Traditional health care plans simply do not offer the flexibility that today’s business environment demands. Increasingly, when it comes to deciding how health and dental care dollars are spent, consumers want control.
Private Health Services Plans give control to the consumer. With a Private Health Services Plan, the client gains both cost control and plan flexibility.
What is a Private Health Services Plan?
As the name suggest, a PHSP is an account set up by the employer instead of, or in addition to, an insured health and dental plan. It is also a form of self-insurance that in many cases can cost less than standard medical coverage, especially when tax implications are considered. Private Health Services Plans are also known as Health Spending Accounts, Self-Insured Plans and Cost Plus Plans.
Why are PHSPs so popular?
A PHSP provides employers with a convenient way to deliver tax effective compensation, provide employees with greater flexibility, cap spending (through a defined contribution as opposed to a defined benefit) and soften the impact of higher employee cost sharing.
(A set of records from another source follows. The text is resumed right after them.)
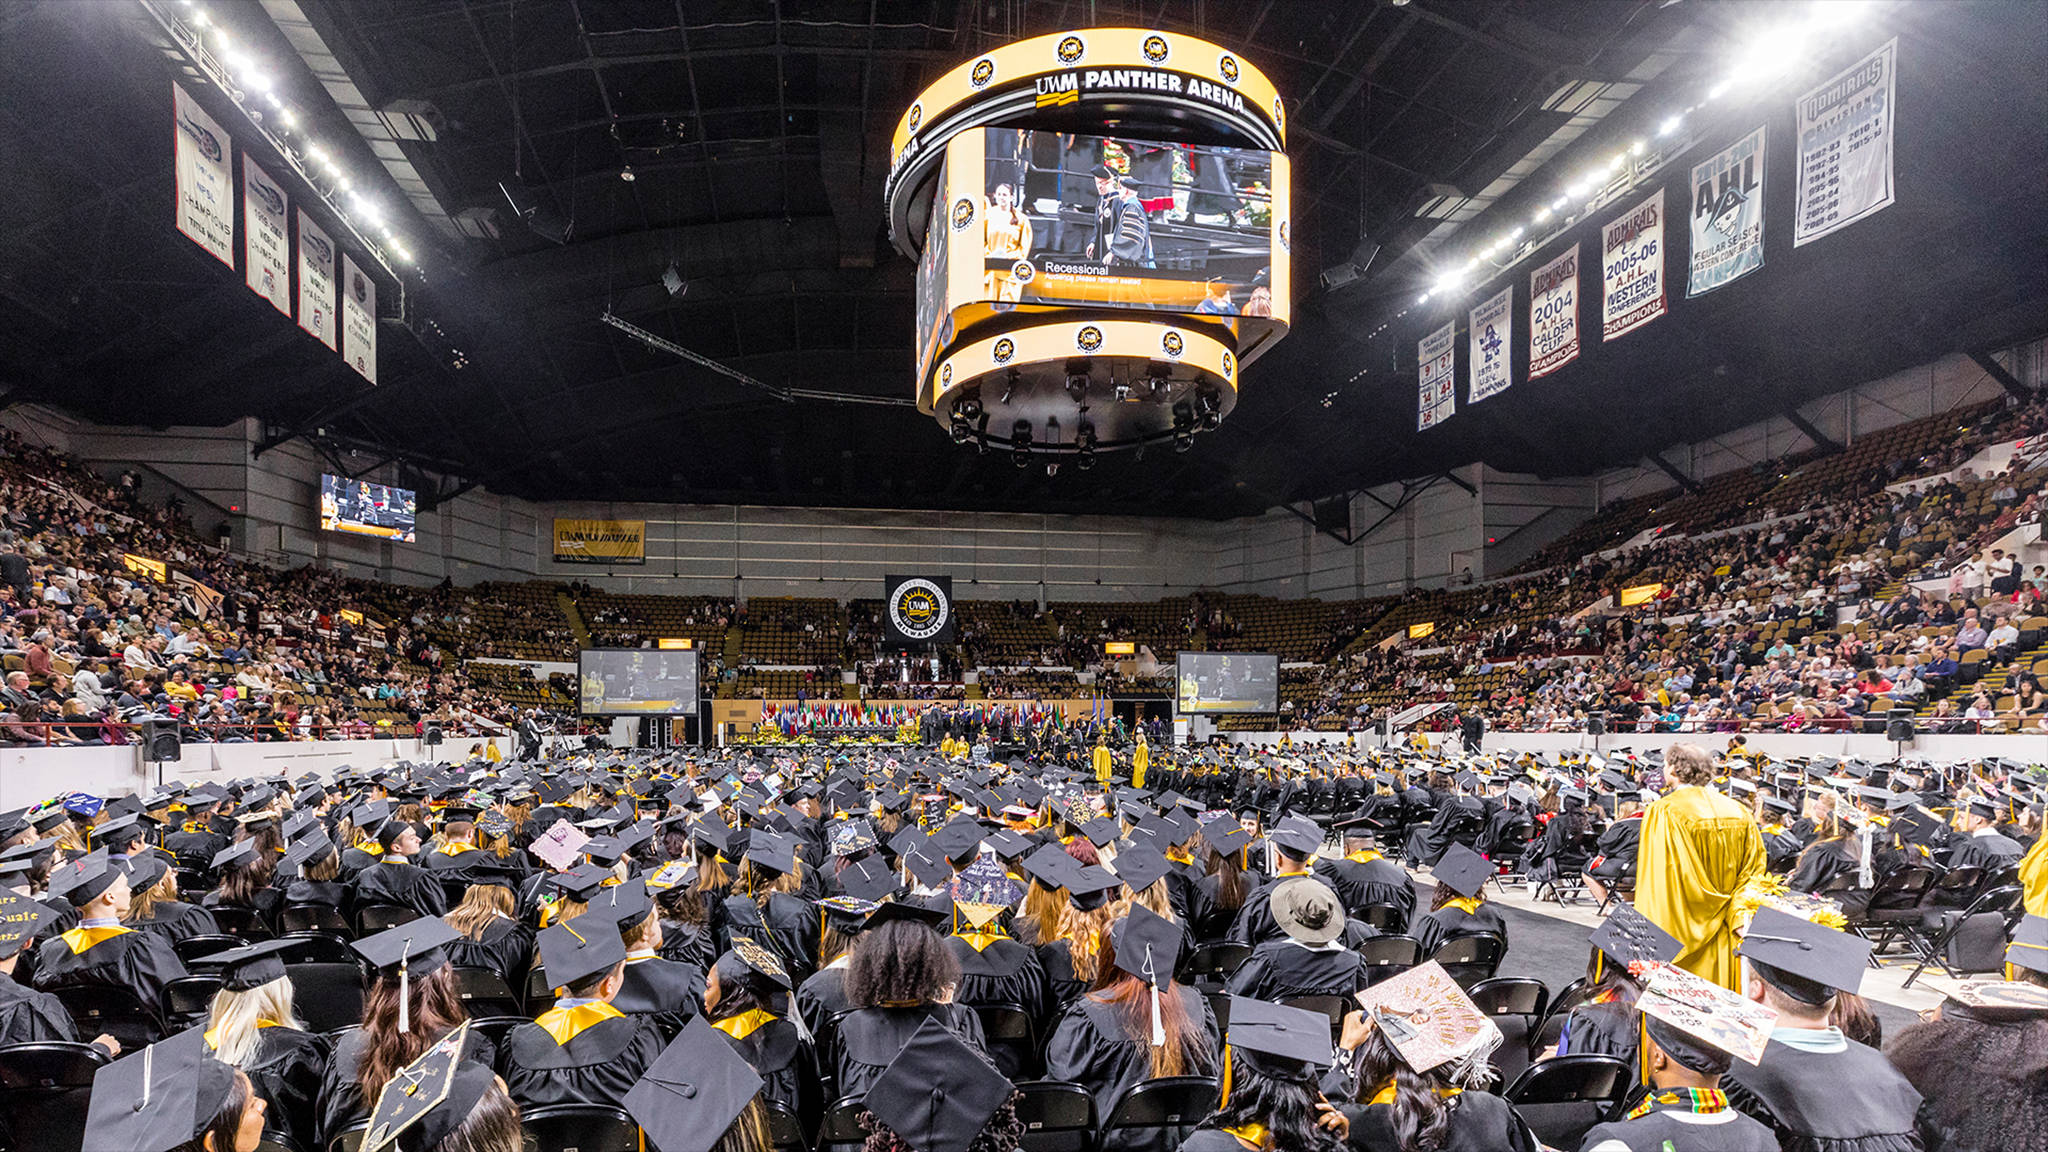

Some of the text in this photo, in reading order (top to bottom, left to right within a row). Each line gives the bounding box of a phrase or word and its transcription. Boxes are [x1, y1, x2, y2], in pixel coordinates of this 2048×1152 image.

[1036, 70, 1245, 112] UWM PANTHER ARENA
[1816, 94, 1872, 131] DIVISION
[1696, 155, 1759, 219] AHL
[1607, 204, 1658, 254] ADMIRALS
[1045, 262, 1109, 275] Recessional
[1606, 240, 1657, 280] 2005-06
[1608, 270, 1657, 307] WESTERN
[1608, 285, 1657, 316] CONFERENCE
[1535, 290, 1573, 324] 2004
[1603, 299, 1662, 334] CHAMPIONS
[1533, 318, 1574, 346] CALDER
[1541, 335, 1564, 354] CUP
[1530, 341, 1578, 371] CHAMPIONS
[908, 601, 930, 610] UWM
[896, 620, 942, 637] MILWAUKEE
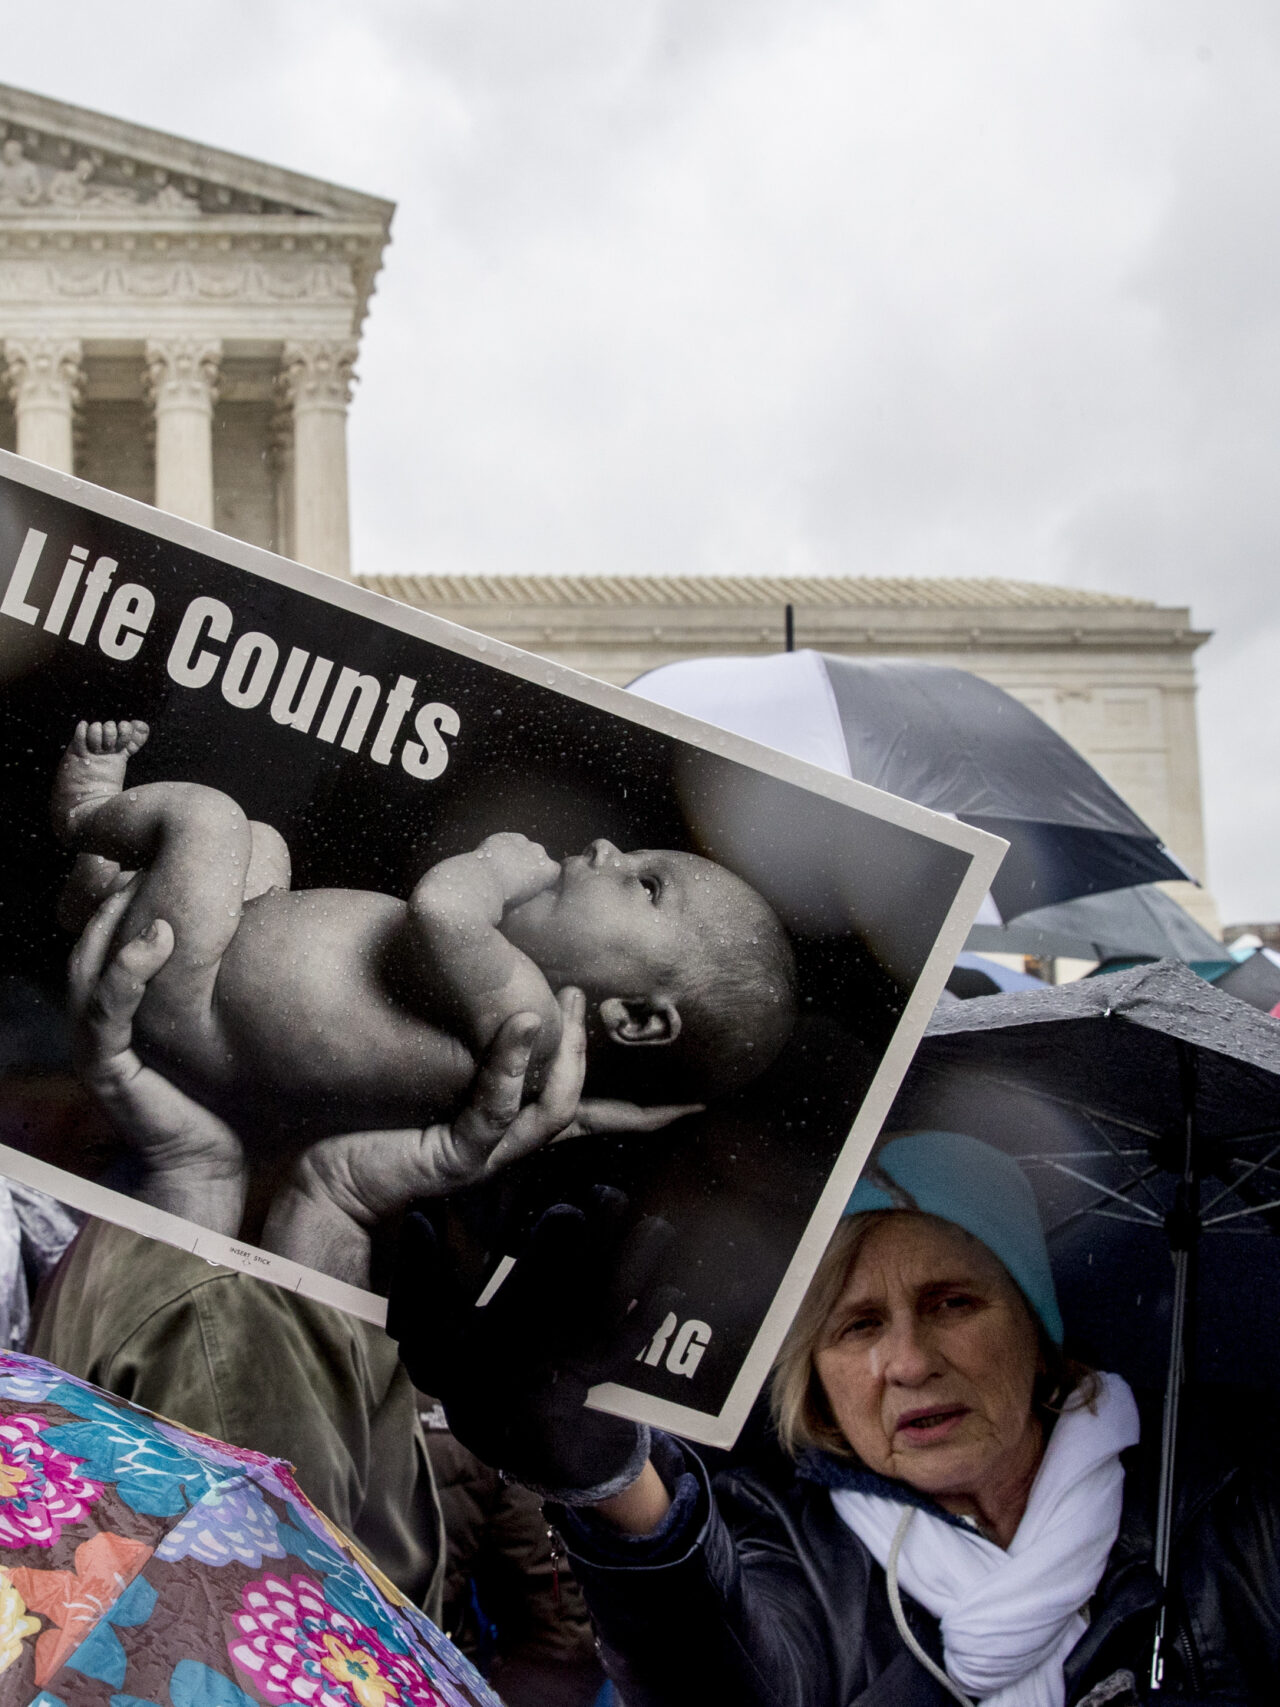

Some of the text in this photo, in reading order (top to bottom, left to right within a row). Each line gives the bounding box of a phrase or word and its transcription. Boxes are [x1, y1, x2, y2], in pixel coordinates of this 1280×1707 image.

[0, 527, 461, 781] Life Counts
[230, 1246, 271, 1265] INSERT STICK
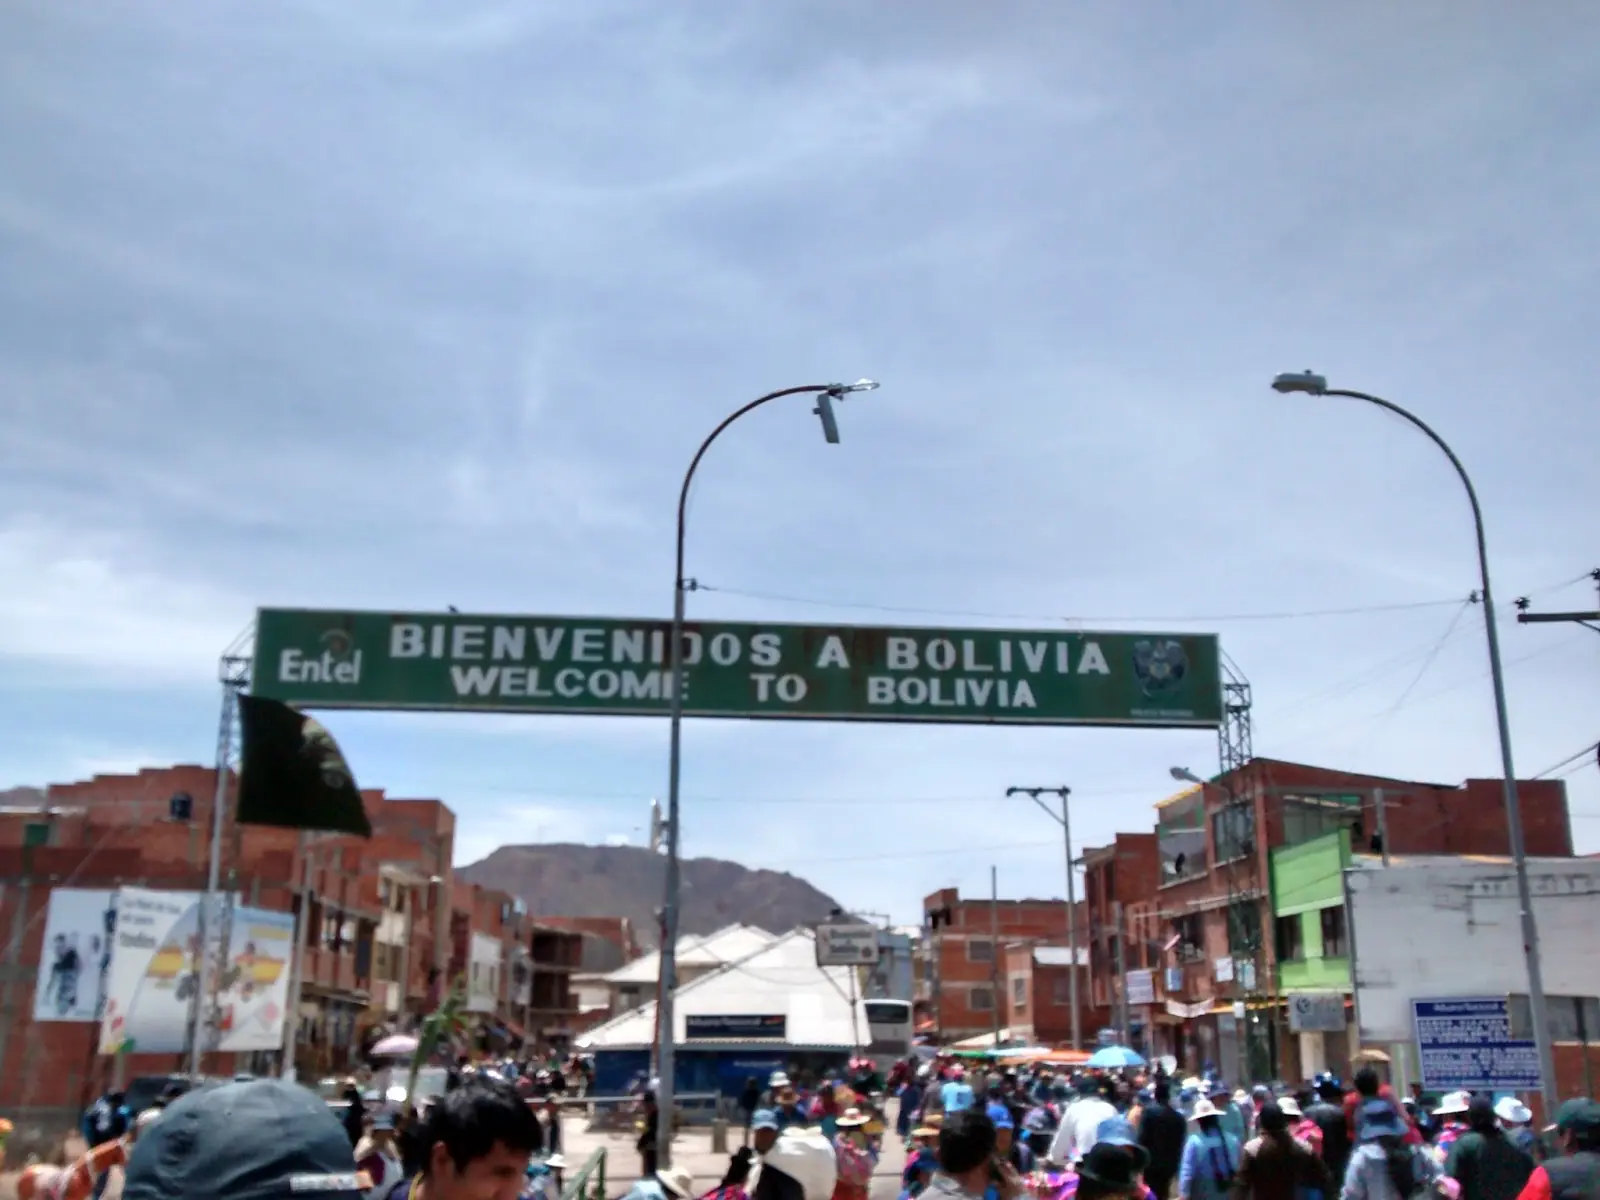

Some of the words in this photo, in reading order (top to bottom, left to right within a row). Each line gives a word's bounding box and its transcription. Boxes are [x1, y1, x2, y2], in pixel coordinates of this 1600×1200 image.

Employees are empowered to select their own health and dental benefits. Successful plans increase employee understanding of their benefits. With these benefit packages, they also learn to select benefits wisely, choosing only the amount and type of coverage they need. This streamlining process can lead to substantial savings for employers.
How are Private Health Services Plans Regulated?
The biggest advantage to a Private Health Services Plan is that it allows health related expenses to be paid on a pre-tax basis. That is, employees can be given tax-free reimbursement for any eligible medical or dental expenses.
How do Private Health Services Plans Work?
In a Private Health Services Plan, an employer contracts a third party administrator (DHC) to manage the employee’s claims as per the definitions of the plan. The employer promises to reimburse the cost of such claims plus an administration fee and applicable taxes. All employee claims are then adjudicated by DHC to ensure they meet the criteria established by CRA. Eligible claims are then reimbursed by DHC to the employee resulting in a non-taxable benefit to the employee.